Years later, I find I still carry her words, even if just as a caution to be open to what science alone can’t explain. I’ve wondered lately if the stories were not about simple explanations but a deeper truth, one where every flash of lightning, every spark between neurons, is part of a conversation too grand for words.
A friend once told me their favorite time to go for a run was during a storm. The thrill of risk sharpens the experience. But I think it’s more than just the thrill, it’s about synchronization with nature’s raw force. Running through rain with thunder rumbling above must feel like tapping into that energy, letting it course through you. In a way, isn’t that also what happens inside our heads, minus the rain-soaked clothes? Each thought an electric impulse racing across cloudy networks of neurons.
Remembering these moments, I emailed that friend, asking them to confirm the theory. They shot back a link to a study on how exposure to storms can heighten our senses and adrenaline rushes. It feels like lightning itself, an electrical surge of life and sentience, providing a clearer representation of our internal experience than calm mindfulness ever could.
This is where the real fascination lies, not in the mere act of comparison but in what that comparison reveals about the underlying nature of thoughts and storms, of neurons and lightning. Both can exist as silent potential until the right conditions ignite them into action. a crash of noise and light in the night sky, a surge of creative inspiration or insight in the pregnant darkness behind your closed eyes.
I once sat in a cramped café corner eavesdropping on a conversation between two people who seemed like old college friends. One of them, a physics major, rattled on about electromagnetic fields like they were favorite childhood stories. Their fingers illustrated invisible currents in the air. The other friend, more into literature it seemed, listened with the zeal reserved for novels, making connections between electromagnetism and classical symbolism. "Think about it, both are unseen but omnipresent forces that shift realities."

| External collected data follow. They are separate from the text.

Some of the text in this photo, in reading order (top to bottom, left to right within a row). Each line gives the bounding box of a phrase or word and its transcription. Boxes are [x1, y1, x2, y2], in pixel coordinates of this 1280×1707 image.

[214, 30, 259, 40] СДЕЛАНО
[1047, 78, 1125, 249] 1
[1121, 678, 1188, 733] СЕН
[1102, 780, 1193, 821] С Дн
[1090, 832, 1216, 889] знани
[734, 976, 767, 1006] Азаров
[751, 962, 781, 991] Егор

There was truth in that. we accept the unseen influences in literature as doctrine without blinking, yet balk when science provides similar intangibles. Maybe, at our core, we're all just searching for explainable magic.
Neurons are the electrical circuits of our body, underpinning our every thought and movement with their silent dance.

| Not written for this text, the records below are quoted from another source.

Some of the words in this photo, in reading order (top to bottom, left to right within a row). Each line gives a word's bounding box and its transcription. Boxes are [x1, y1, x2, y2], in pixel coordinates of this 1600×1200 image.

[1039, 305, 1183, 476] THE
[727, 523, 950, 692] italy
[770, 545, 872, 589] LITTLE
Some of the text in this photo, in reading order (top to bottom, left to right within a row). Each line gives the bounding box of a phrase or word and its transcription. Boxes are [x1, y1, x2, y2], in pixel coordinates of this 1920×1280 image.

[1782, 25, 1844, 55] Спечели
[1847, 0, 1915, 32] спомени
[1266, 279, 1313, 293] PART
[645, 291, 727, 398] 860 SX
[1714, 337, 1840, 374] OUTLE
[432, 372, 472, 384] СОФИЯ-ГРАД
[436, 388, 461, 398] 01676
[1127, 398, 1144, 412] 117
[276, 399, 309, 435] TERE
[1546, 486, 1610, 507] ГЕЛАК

One night, deep into a conversation with a different friend, we grappled with the randomness of the universe. We were in a decrepit apartment overlooking downtown, pulsating with the distant city hum. Their mind was a web of interconnected ideas, leaping from science to philosophy and back to dark humor in seconds, like a neural network on a caffeine high. In that caffeine-fueled haze, we talked about the pervasive fear of randomness, our human obsession to classify it, label it, tame it. Maybe lightning and synapses represent this struggle against randomness, wild yet obeying hidden rules.
The unpredictability of a storm mirrors the unpredictability of a mind. Both can suddenly burst into chaos, leaving trails of destruction and rebirth. That night, gazing from that dim apartment window, surrounded by the city’s neon arteries snaking in the darkness, I felt a kinship with the lightning on a cellular level.

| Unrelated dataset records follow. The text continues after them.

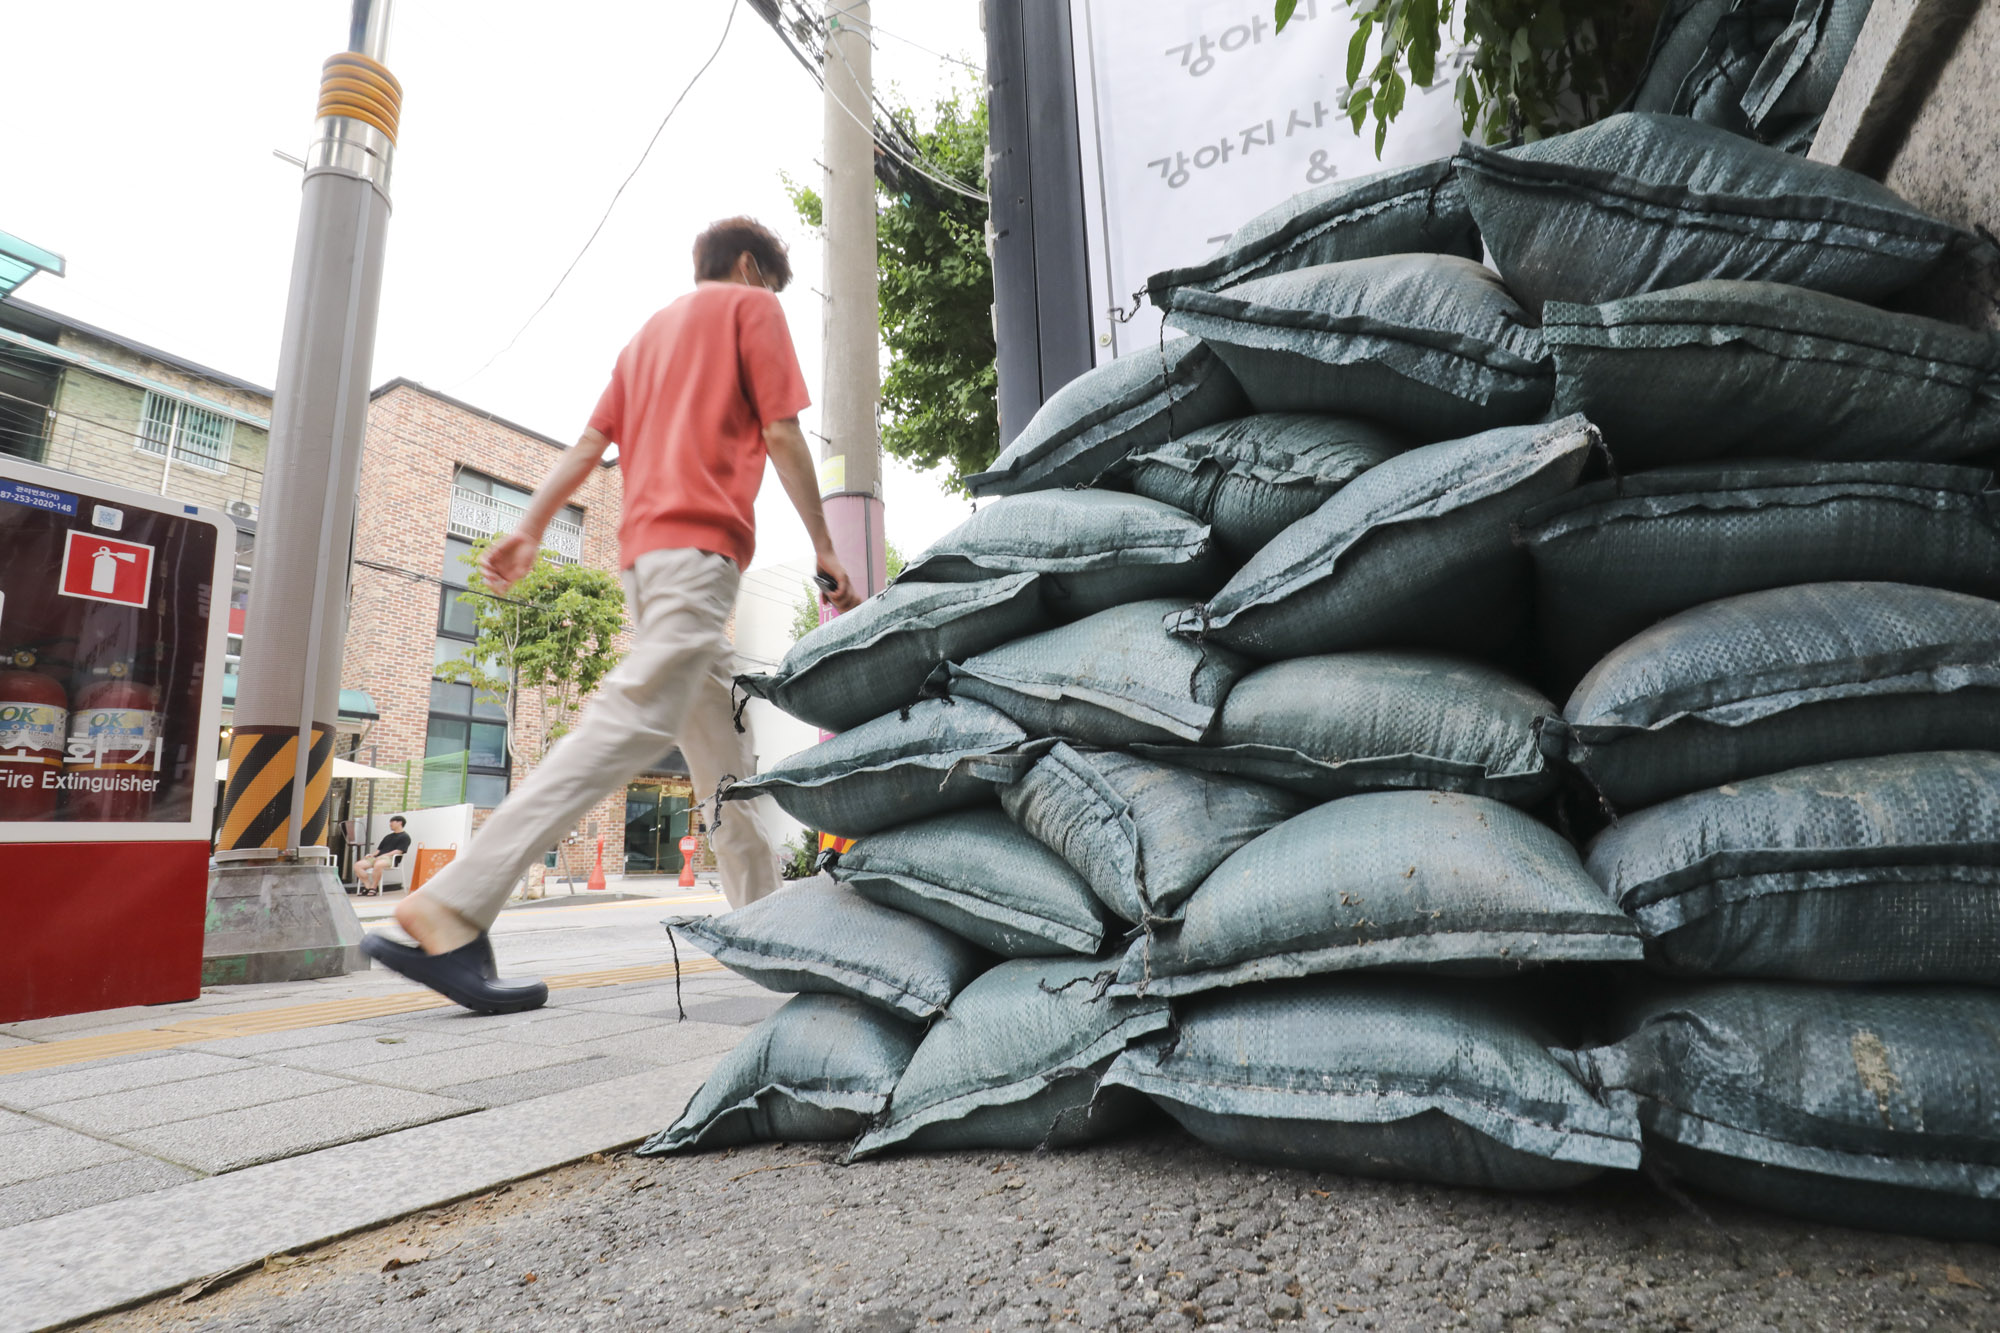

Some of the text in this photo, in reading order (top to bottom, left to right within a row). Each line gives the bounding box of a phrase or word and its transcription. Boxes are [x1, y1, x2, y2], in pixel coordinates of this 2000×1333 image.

[1305, 149, 1339, 184] &
[0, 706, 39, 723] OK
[90, 712, 126, 728] OK
[0, 729, 163, 772] 소화기
[42, 770, 160, 793] Extinguisher

So, what's the most surprising connection between two seemingly unrelated things? Perhaps it's realizing there are too many connections to count. Lightning and synapses might be a metaphor for the way we try to tame the storm of human consciousness, to make sense of the fire and light that pulses through our individual and collective existence. They are reminders that the universe doesn't separate human experiences from natural phenomena. We draw arbitrary lines and fences, not the world.
I'm ending this thinking about a future plan, a road trip with an old friend, where we'll chase storms through the Midwest plains, trying to catch the light and energy for ourselves. Not to control it, but to witness it. Maybe we'll find our own patterns there, like reading lines in an old book, and in doing so, spark a new conversation between the self and the storm.